Data: 
Giovedì, 24 Aprile, 2014
Nome: 
Donatella Ferranti

AC 2215-A

Relatore per la maggioranza per la II Commissione. Signora Presidente, signori colleghi, questo provvedimento, il decreto-legge del Ministro della salute, per quanto attiene alla competenza della Commissione giustizia, nella formulazione originaria, non ha modificato la formulazione delle disposizioni di natura penale del testo unico sugli stupefacenti, ma ha comunque inciso sulla loro portata normativa, in quanto ha modificato le tabelle alle quali fanno riferimento le predette disposizioni penali.
  In particolare, a seguito delle modifiche apportate dall'articolo 4-vicies ter del decreto-legge n. 272 del 2005, le previgenti sei tabelle sono state sostituite da due tabelle e sono stati modificati anche i criteri per l'inclusione delle sostanze nell'una o nell'altra tabella. Come messo in evidenza dalla richiamata sentenza della Corte costituzionale, le modifiche, unitamente a quelle apportate dall'articolo 4-bis del decreto-legge n. 272 del 2005 all'articolo 73 del testo unico, relativo all'apparato sanzionatorio, hanno determinato «una medesima cornice edittale per le violazioni concernenti tutte le sostanze stupefacenti, unificando il trattamento sanzionatorio che, in precedenza, era differenziato a seconda che i reati avessero per oggetto sostanze stupefacenti incluse nelle tabelle II e IV (cosiddette «droghe leggere») ovvero nelle tabelle I e III (cosiddette «droghe pesanti»), questo nella situazione antecedente la legge Fini-Giovanardi.
  La legge di conversione del decreto-legge del 2005, introducendo l'articolo 4-vicies ter ha modificato il precedente sistema tabellare stabilito dagli articoli 13 e 14 dello stesso decreto del Presidente della Repubblica n. 309 del 1990, includendo nella nuova tabella I gli stupefacenti che prima erano distinti in differenti gruppi.
  Come si legge nella relazione di accompagnamento al disegno di legge in esame, considerato che gli articoli del testo unico relativi all'apparato sanzionatorio fanno riferimento a quattro tabelle, graduando le pene a seconda che le sostanze siano incluse nella I o nella III, ovvero nella II o nella IV, si è reso necessario, al fine di non modificare la cornice edittale così definita, reintrodurre quattro tabelle, ridistribuendo tra esse le sostanze che, sulla base della legge n. 49 del 2006, erano raggruppate nelle due caducate dalla sentenza della Corte costituzionale, in modo che per ciascuna sostanza venga fatto salvo il regime sanzionatorio di cui alle disposizioni originarie del testo unico, ripristinate dalla sentenza della Corte costituzionale.

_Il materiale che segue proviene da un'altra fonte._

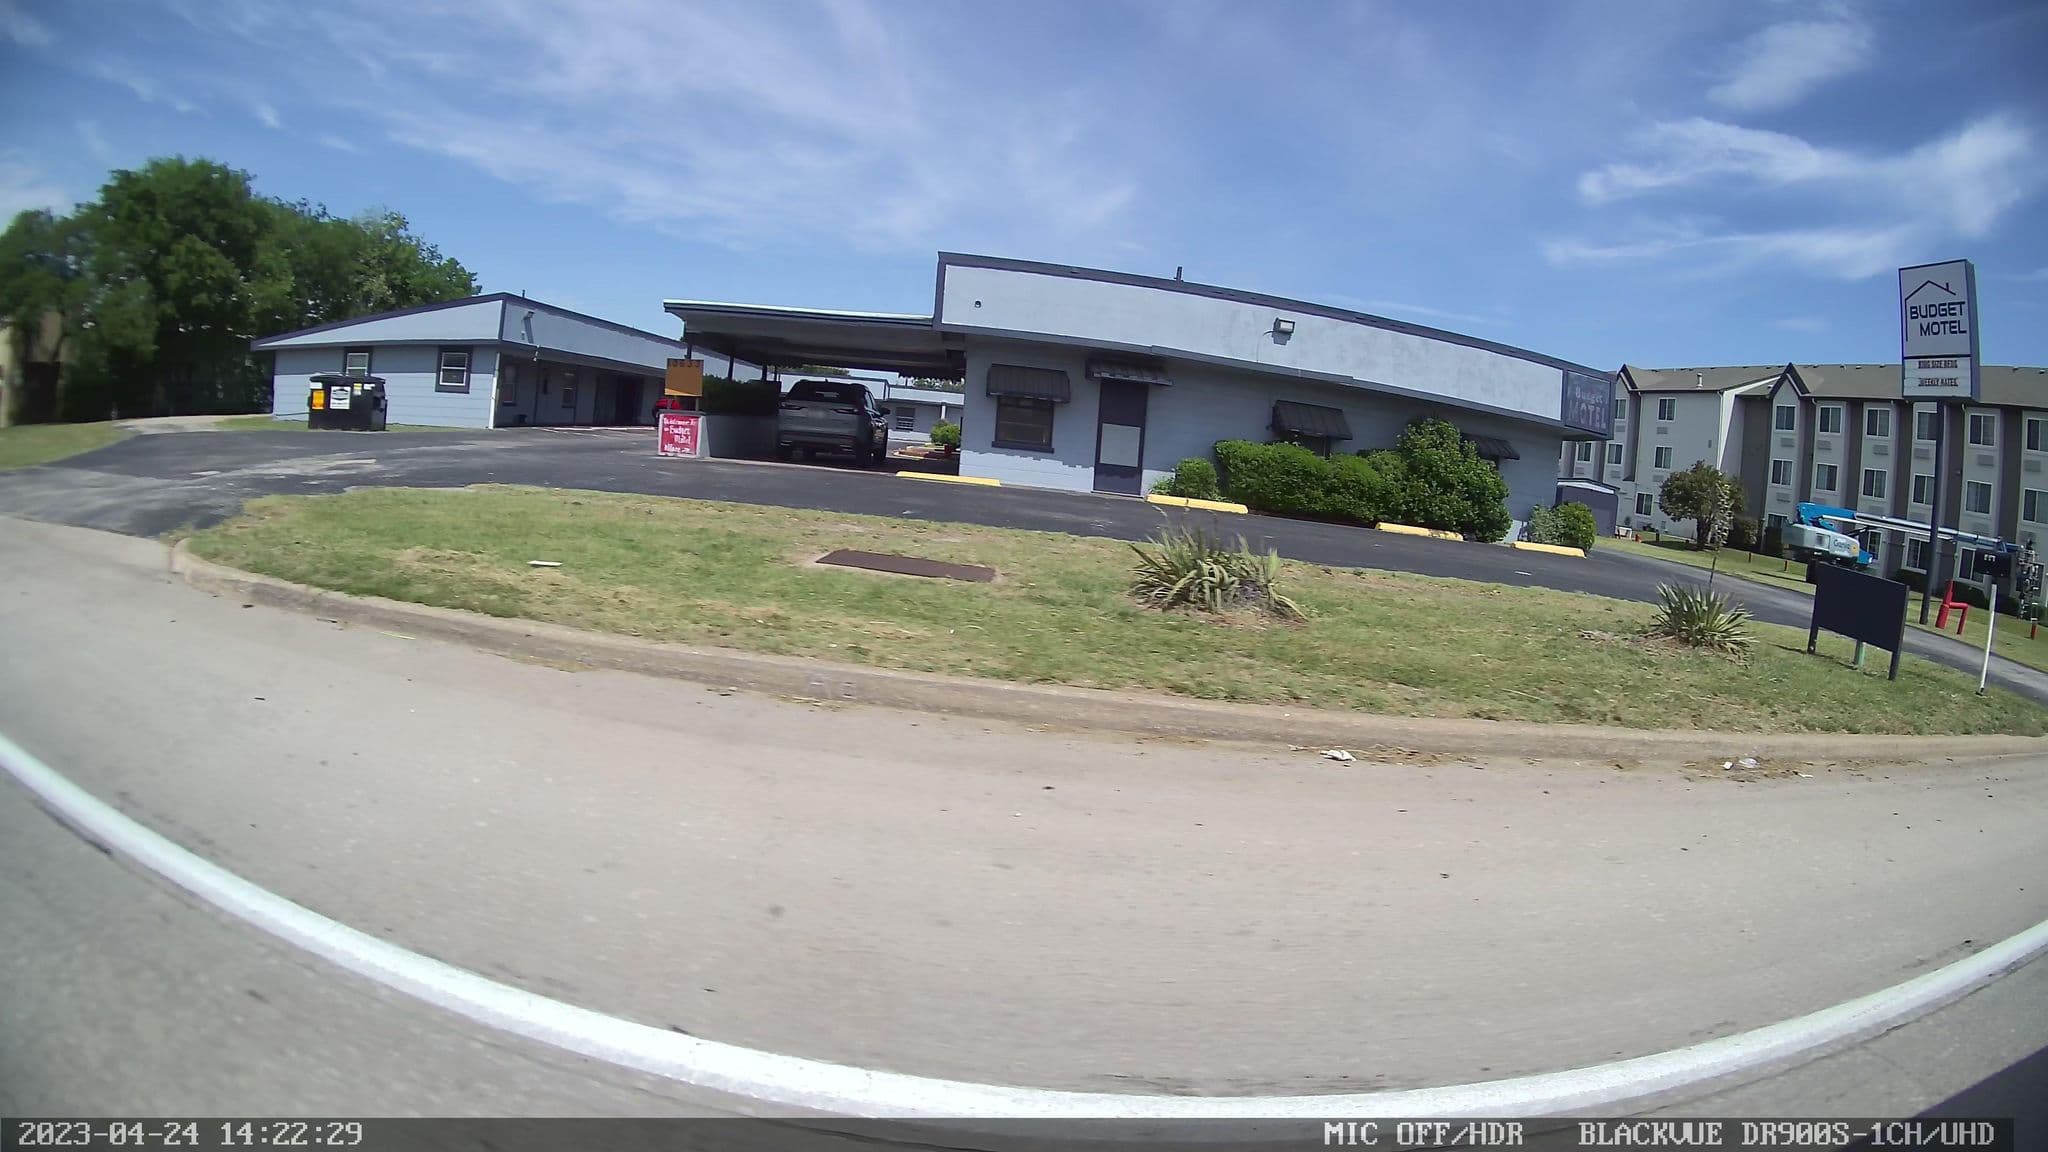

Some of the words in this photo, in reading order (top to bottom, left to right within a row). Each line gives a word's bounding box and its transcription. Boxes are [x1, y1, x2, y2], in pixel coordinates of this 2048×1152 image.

[1910, 301, 1965, 319] BUDGET
[1919, 320, 1967, 336] MOTEL
[1568, 400, 1607, 429] MOTEL

  Il nuovo testo degli articoli 13 e 14, così come modificati dal decreto-legge in esame, prevede cinque tabelle: tabella I, relativa alle cosiddette «droghe pesanti»; tabella II, relativa alle cosiddette «droghe leggere»; tabella III e tabella IV, relative alle sostanze medicinali equiparate ai fini sanzionatori rispettivamente alle «droghe pesanti» e a quelle «leggere» ed, infine, una tabella dei medicinali.
  Il quadro sanzionatorio che ne è uscito, a seguito appunto della sentenza della Corte costituzionale e del decreto-legge, è il seguente: le condotte aventi ad oggetto le sostanze di cui alle tabelle I e III sono sanzionate con la reclusione da otto a vent'anni, ai sensi del primo comma dell'articolo 73, mentre quelle aventi ad oggetto le sostanze di cui alle tabelle II e IV sono punite con la reclusione da due a sei anni, ai sensi del quarto comma.

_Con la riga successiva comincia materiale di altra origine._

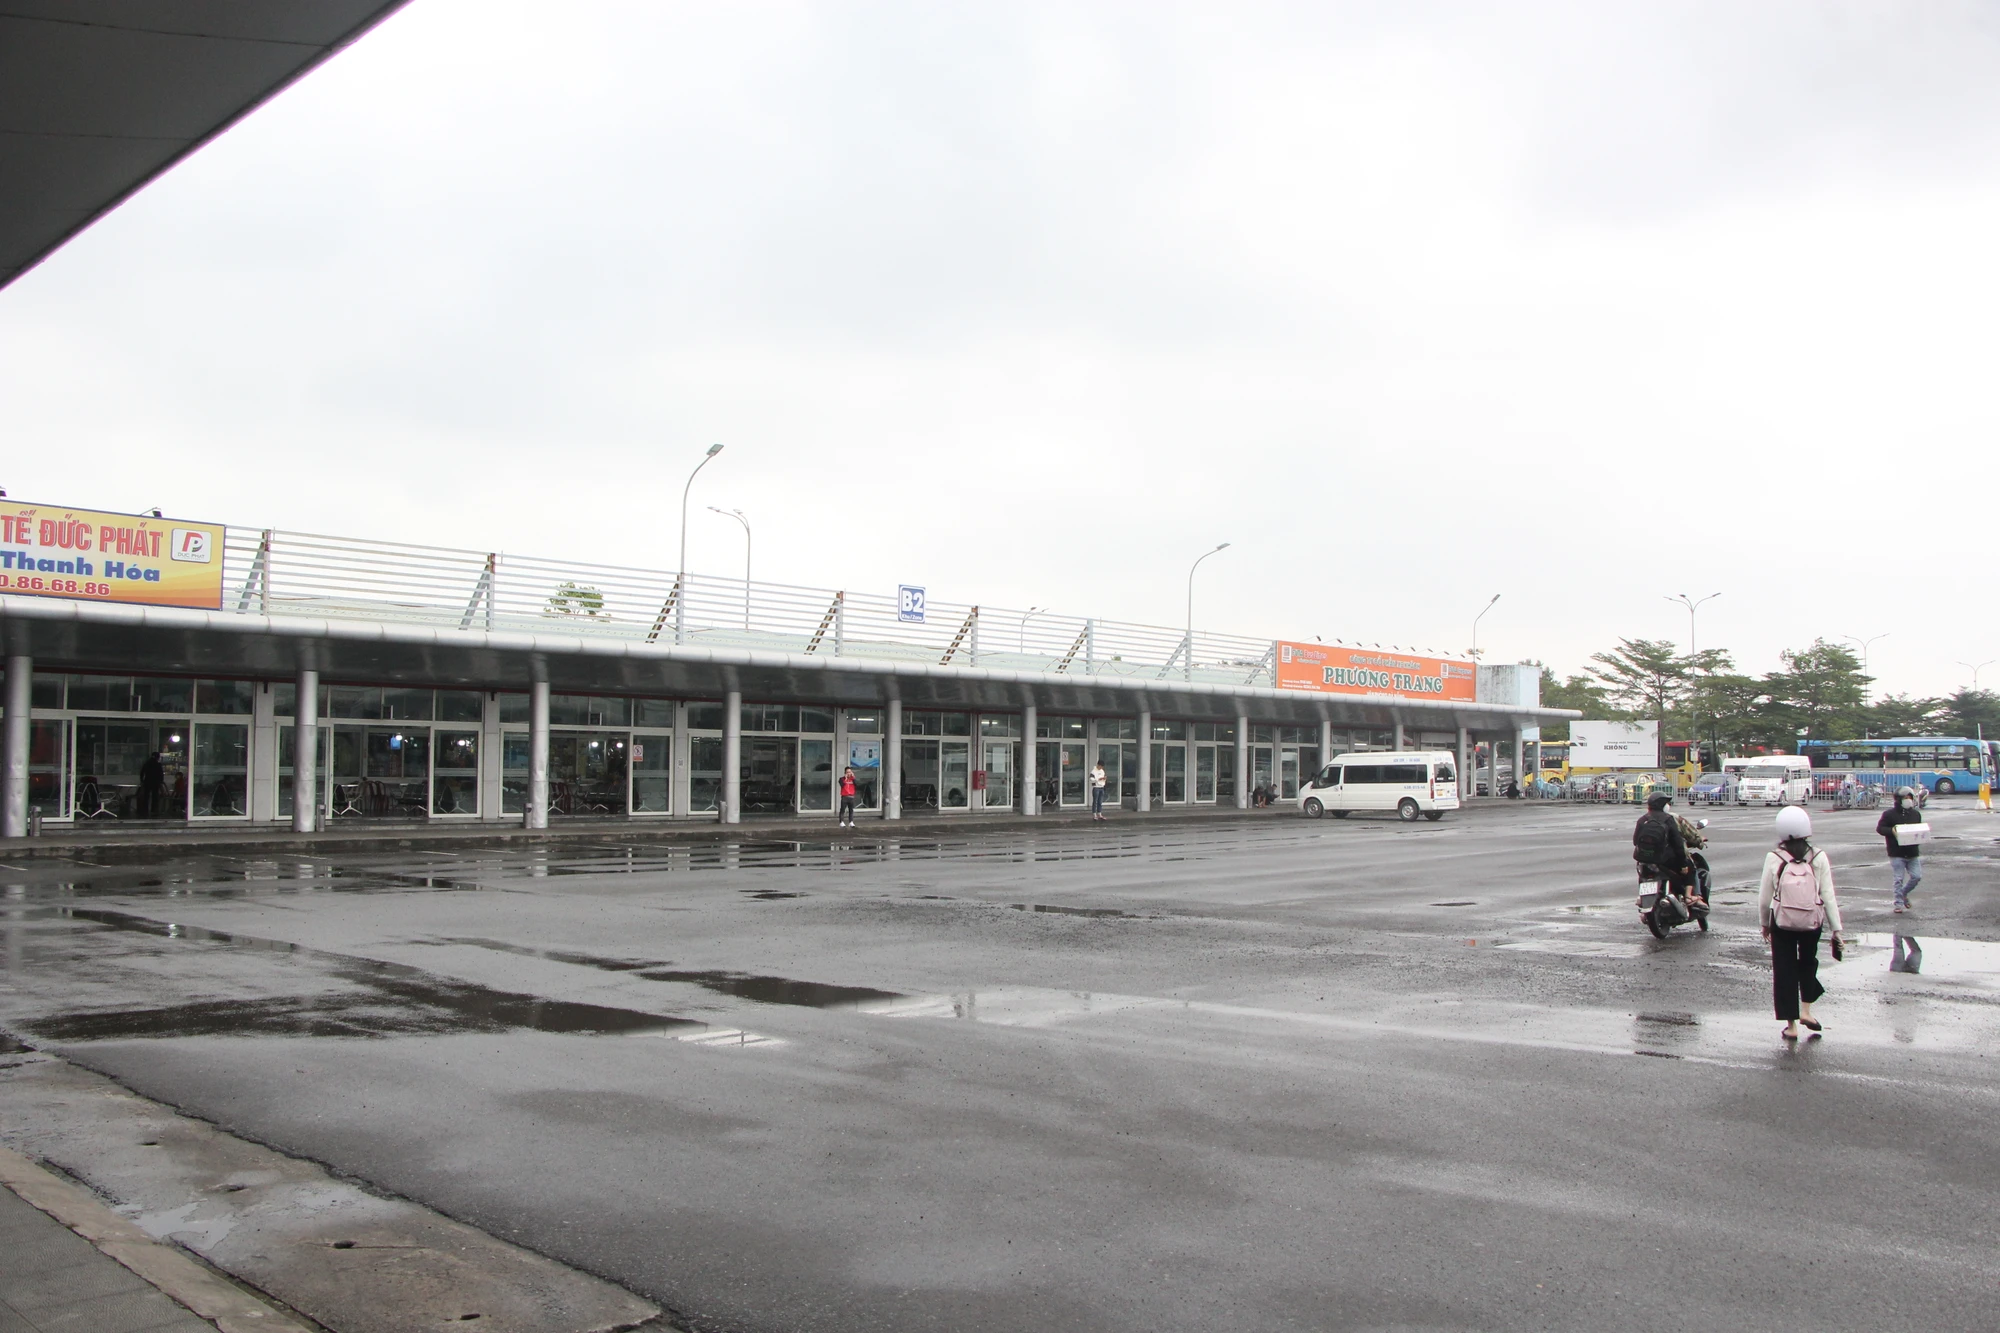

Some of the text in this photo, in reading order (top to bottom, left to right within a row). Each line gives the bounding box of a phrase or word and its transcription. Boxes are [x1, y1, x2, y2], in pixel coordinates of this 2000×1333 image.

  Naturalmente, sappiamo che il decreto-legge non si è limitato a ridistribuire le sostanze previste nelle tabelle previgenti in quanto, appunto, dal 2006 ad oggi sono stati emanati ventotto decreti ministeriali, ma questo attiene più alla competenza della Commissione affari sociali.

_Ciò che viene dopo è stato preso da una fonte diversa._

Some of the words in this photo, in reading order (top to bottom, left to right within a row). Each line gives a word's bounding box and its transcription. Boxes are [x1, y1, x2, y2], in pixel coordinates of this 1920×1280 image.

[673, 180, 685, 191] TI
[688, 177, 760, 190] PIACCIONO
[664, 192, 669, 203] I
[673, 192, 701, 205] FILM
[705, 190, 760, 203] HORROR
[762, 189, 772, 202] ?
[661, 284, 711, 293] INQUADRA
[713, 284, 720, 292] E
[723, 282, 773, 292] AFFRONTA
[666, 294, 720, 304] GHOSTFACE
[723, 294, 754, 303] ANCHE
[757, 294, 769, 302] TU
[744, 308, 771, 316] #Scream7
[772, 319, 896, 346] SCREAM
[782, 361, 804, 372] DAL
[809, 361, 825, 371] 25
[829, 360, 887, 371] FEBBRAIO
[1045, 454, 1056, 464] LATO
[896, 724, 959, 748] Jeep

  Vorrei, quindi, andare a individuare quali sono i passaggi, in maniera rapida, che hanno riguardato la conversione del decreto negli aspetti più di competenza della Commissione giustizia.
  Ferme restando le diverse linee di pensiero scientifico, emerse in sede di indagine conoscitiva dall'esame di esperti e rappresentanti di associazioni operanti nel settore, sulla maggiore o minore pericolosità della cannabis e suoi derivati e sul fatto che provochi o meno dipendenza grave, un punto sembra costituire il denominatore comune: la cannabis (e i suoi derivati naturali) può legittimamente essere inserita nella tabella II, con conseguenze sanzionatorie in sede di differenziazione della pena prevista dal primo comma dell'articolo 73 rispetto alle droghe che sono in I e III tabella.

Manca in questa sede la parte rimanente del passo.